というのがきっかけでサイケデリックトランスを聴くようになり(結局作り出せるようにはなれませんでした)、一時は音楽プレイヤー内のデータがフリーDLのサイケで埋まる、という高校時代がありました。

 

...で、音楽雑食人間と化した今ではあんまり聴かなかったりする訳ですが、曲がりなりにもサイケデリックトランスが好きだった自分、この魅力を是非伝えたい、ということでサイケデリックトランスに関して独断・偏見を織り交ぜつつ語っていきたいと思います。

そもそもどういうジャンルなんじゃい?

はい、いつもの如くwikipediaさんの出番です

サイケデリックトランス: psychedelic trance)は、ゴアトランスから派生したよりサイケ色が強まった140BPM前後のビートのトランス1990年代初頭からこのジャンルに属する音楽が出始めた。イギリスイスラエルゴアブラジル、そして日本で盛んな音楽である。
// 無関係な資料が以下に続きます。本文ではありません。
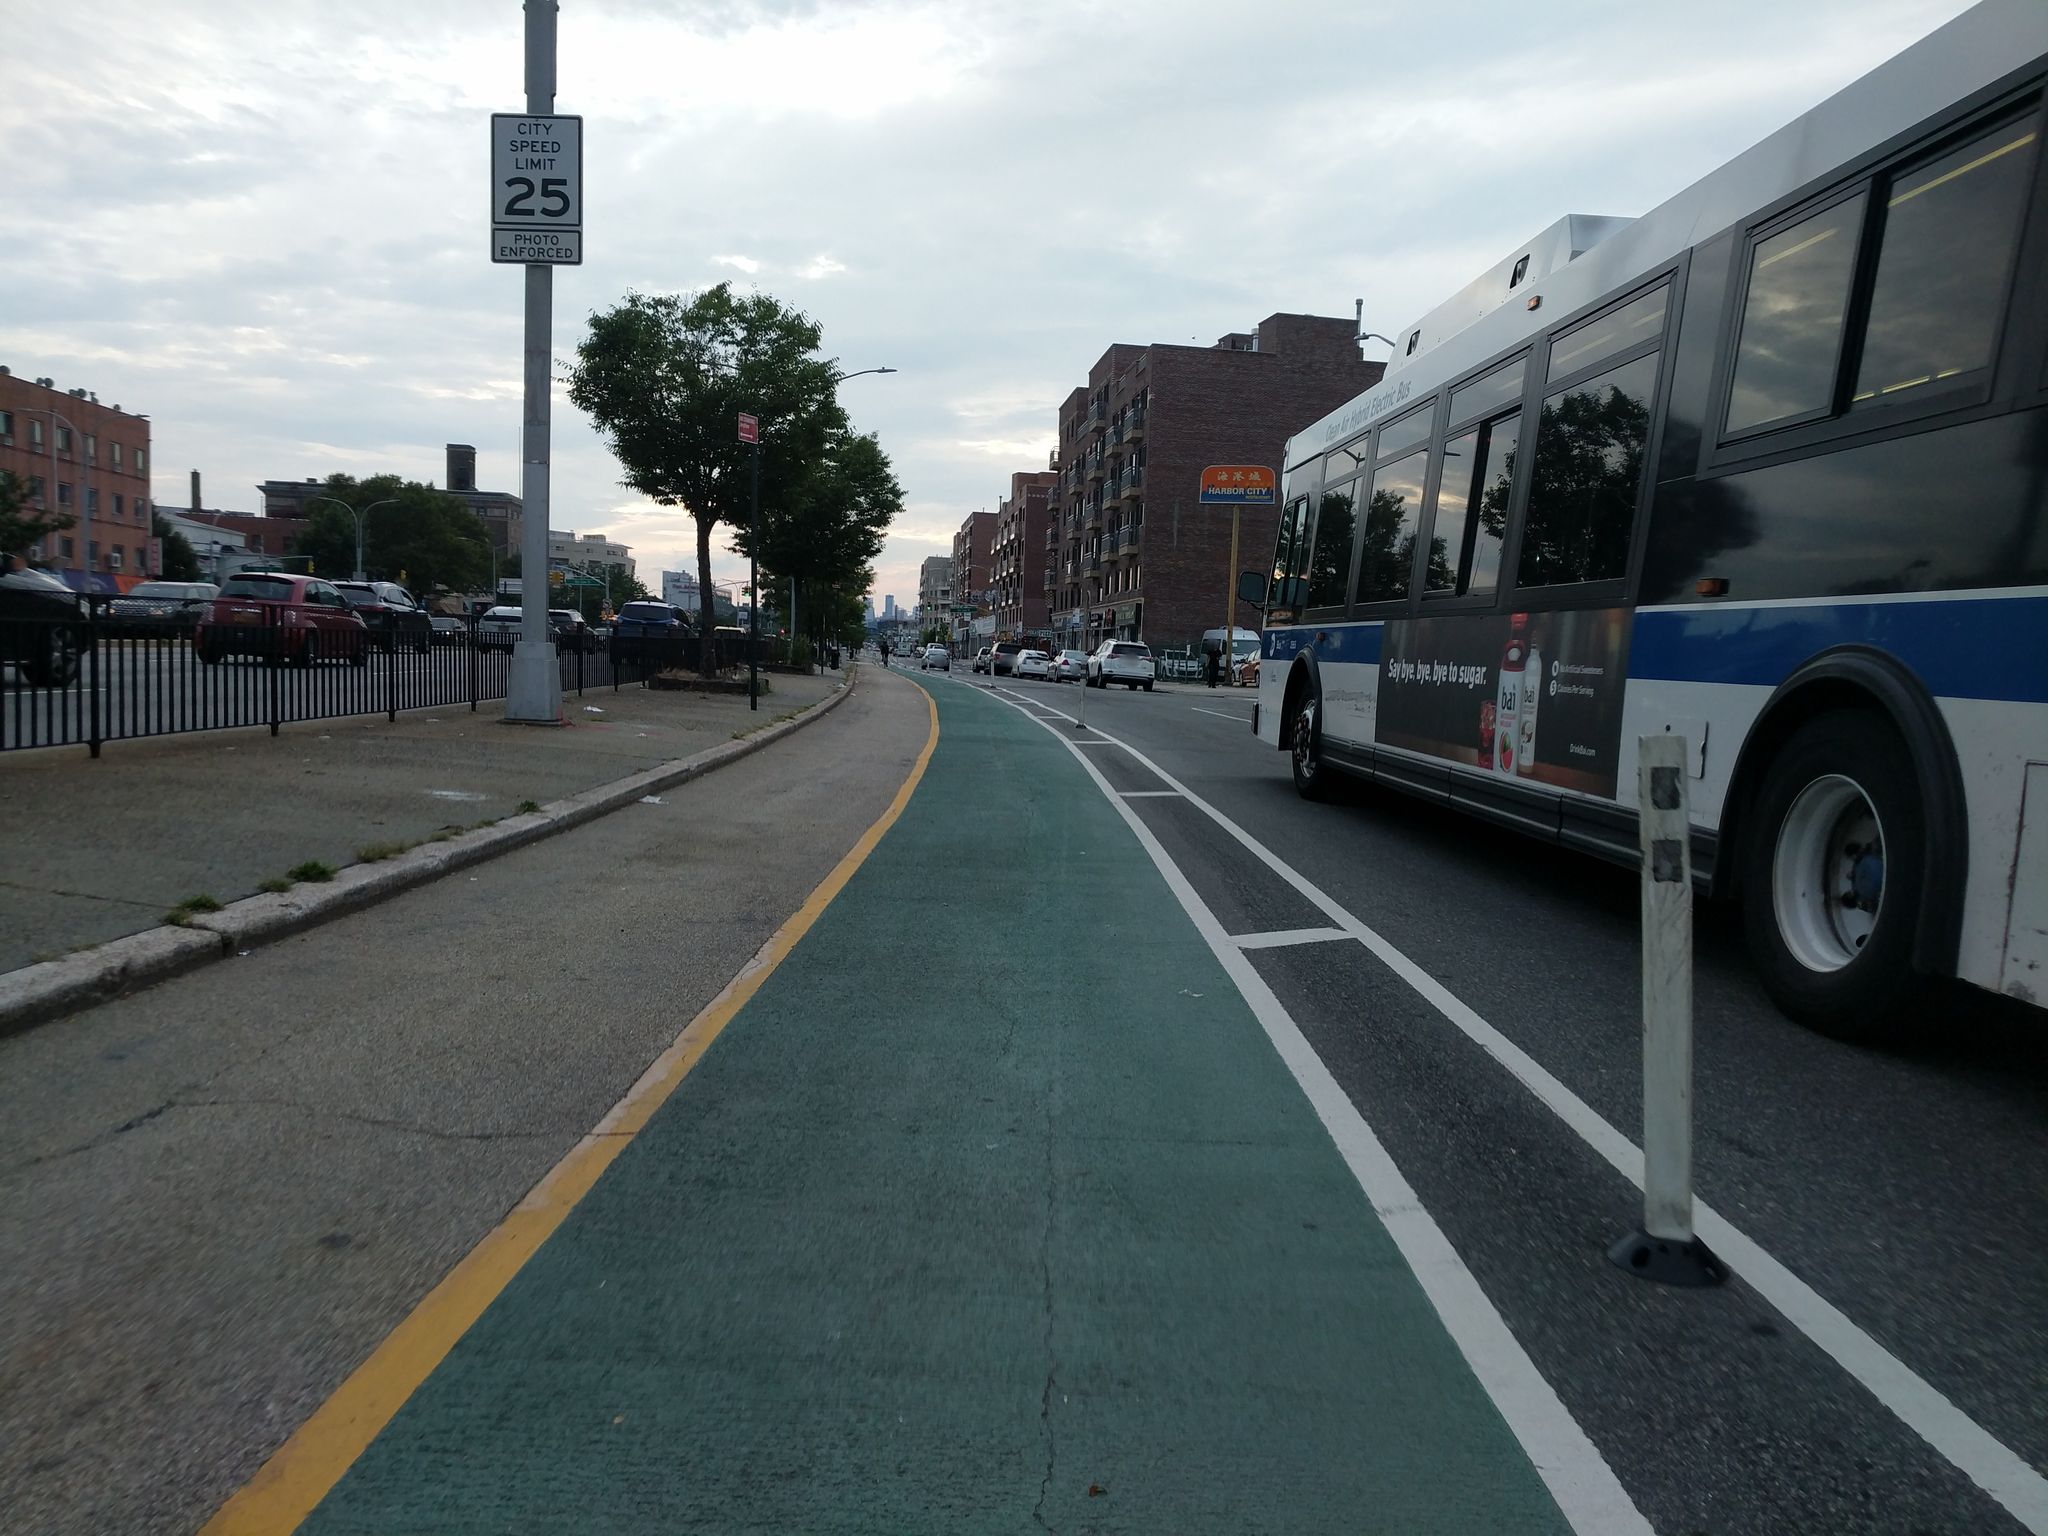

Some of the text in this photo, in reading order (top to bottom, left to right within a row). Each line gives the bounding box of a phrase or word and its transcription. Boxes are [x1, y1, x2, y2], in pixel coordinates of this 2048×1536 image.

[517, 122, 553, 136] CITY
[509, 140, 561, 153] SPEED
[515, 158, 556, 170] LIMIT
[504, 176, 570, 217] 25
[514, 234, 559, 246] PHOTO
[500, 246, 573, 259] ENFORCED
[1396, 381, 1412, 404] Bus
[1208, 487, 1268, 495] HARBOR CITY
[1388, 657, 1487, 689] Say bye, bye, bye to sugar.
[1501, 683, 1516, 711] bai
[1523, 685, 1535, 704] bai
サイケデリックトランスミュージックは、「フルオン」、「ミニマル」、「ダーク」および「ダークフルオン」、「プログレッシヴ」、「モーニング」、「アンビエント(サイビエント)」などに分類される。

はい、引用おわり。過去のブログ記事でも書かれていたように、Tranceのサブジャンル内でもことさらキマッてるジャンルですね。まあそもそも、Tranceというジャンルが、

そのリズムやメロディは、さも脳内の感覚が幻覚催眠を催す「トランス状態」に誘うかの様な様式からトランスと呼ばれている。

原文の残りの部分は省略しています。